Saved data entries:
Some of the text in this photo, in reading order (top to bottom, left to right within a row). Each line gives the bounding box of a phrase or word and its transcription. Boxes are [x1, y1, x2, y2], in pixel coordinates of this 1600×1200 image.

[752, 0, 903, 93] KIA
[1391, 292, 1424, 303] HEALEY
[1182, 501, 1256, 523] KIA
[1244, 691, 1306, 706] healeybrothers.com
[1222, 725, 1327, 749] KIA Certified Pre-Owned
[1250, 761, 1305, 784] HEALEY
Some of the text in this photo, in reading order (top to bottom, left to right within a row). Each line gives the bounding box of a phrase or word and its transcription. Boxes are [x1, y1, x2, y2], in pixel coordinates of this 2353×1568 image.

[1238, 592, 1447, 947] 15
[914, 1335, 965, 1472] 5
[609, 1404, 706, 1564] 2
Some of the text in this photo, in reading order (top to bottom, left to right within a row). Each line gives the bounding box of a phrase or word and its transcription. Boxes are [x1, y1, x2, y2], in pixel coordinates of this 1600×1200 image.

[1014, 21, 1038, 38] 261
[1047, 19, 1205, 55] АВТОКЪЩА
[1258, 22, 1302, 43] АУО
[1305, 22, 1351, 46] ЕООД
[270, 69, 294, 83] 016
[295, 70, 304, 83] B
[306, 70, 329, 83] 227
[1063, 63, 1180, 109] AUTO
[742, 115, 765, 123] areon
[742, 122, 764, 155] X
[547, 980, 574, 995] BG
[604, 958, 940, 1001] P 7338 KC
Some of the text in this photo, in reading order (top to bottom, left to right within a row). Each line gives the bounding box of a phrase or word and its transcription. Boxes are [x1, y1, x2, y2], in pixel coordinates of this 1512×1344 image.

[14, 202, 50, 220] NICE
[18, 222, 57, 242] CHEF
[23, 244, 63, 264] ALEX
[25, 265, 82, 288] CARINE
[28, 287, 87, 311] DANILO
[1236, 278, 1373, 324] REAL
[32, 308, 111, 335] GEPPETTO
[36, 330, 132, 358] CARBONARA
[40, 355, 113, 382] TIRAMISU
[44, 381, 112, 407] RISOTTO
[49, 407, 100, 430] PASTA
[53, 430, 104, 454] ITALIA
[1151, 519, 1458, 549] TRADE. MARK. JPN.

[WHAT THE TASK REQUIRES]
Above are the entries; give them back verbatim.

[SOLVED PROBLEM]
Some of the text in this photo, in reading order (top to bottom, left to right within a row). Each line gives the bounding box of a phrase or word and its transcription. Boxes are [x1, y1, x2, y2], in pixel coordinates of this 1600×1200 image.

[752, 0, 903, 93] KIA
[1391, 292, 1424, 303] HEALEY
[1182, 501, 1256, 523] KIA
[1244, 691, 1306, 706] healeybrothers.com
[1222, 725, 1327, 749] KIA Certified Pre-Owned
[1250, 761, 1305, 784] HEALEY
Some of the text in this photo, in reading order (top to bottom, left to right within a row). Each line gives the bounding box of a phrase or word and its transcription. Boxes are [x1, y1, x2, y2], in pixel coordinates of this 2353×1568 image.

[1238, 592, 1447, 947] 15
[914, 1335, 965, 1472] 5
[609, 1404, 706, 1564] 2
Some of the text in this photo, in reading order (top to bottom, left to right within a row). Each line gives the bounding box of a phrase or word and its transcription. Boxes are [x1, y1, x2, y2], in pixel coordinates of this 1600×1200 image.

[1014, 21, 1038, 38] 261
[1047, 19, 1205, 55] АВТОКЪЩА
[1258, 22, 1302, 43] АУО
[1305, 22, 1351, 46] ЕООД
[270, 69, 294, 83] 016
[295, 70, 304, 83] B
[306, 70, 329, 83] 227
[1063, 63, 1180, 109] AUTO
[742, 115, 765, 123] areon
[742, 122, 764, 155] X
[547, 980, 574, 995] BG
[604, 958, 940, 1001] P 7338 KC
Some of the text in this photo, in reading order (top to bottom, left to right within a row). Each line gives the bounding box of a phrase or word and its transcription. Boxes are [x1, y1, x2, y2], in pixel coordinates of this 1512×1344 image.

[14, 202, 50, 220] NICE
[18, 222, 57, 242] CHEF
[23, 244, 63, 264] ALEX
[25, 265, 82, 288] CARINE
[28, 287, 87, 311] DANILO
[1236, 278, 1373, 324] REAL
[32, 308, 111, 335] GEPPETTO
[36, 330, 132, 358] CARBONARA
[40, 355, 113, 382] TIRAMISU
[44, 381, 112, 407] RISOTTO
[49, 407, 100, 430] PASTA
[53, 430, 104, 454] ITALIA
[1151, 519, 1458, 549] TRADE. MARK. JPN.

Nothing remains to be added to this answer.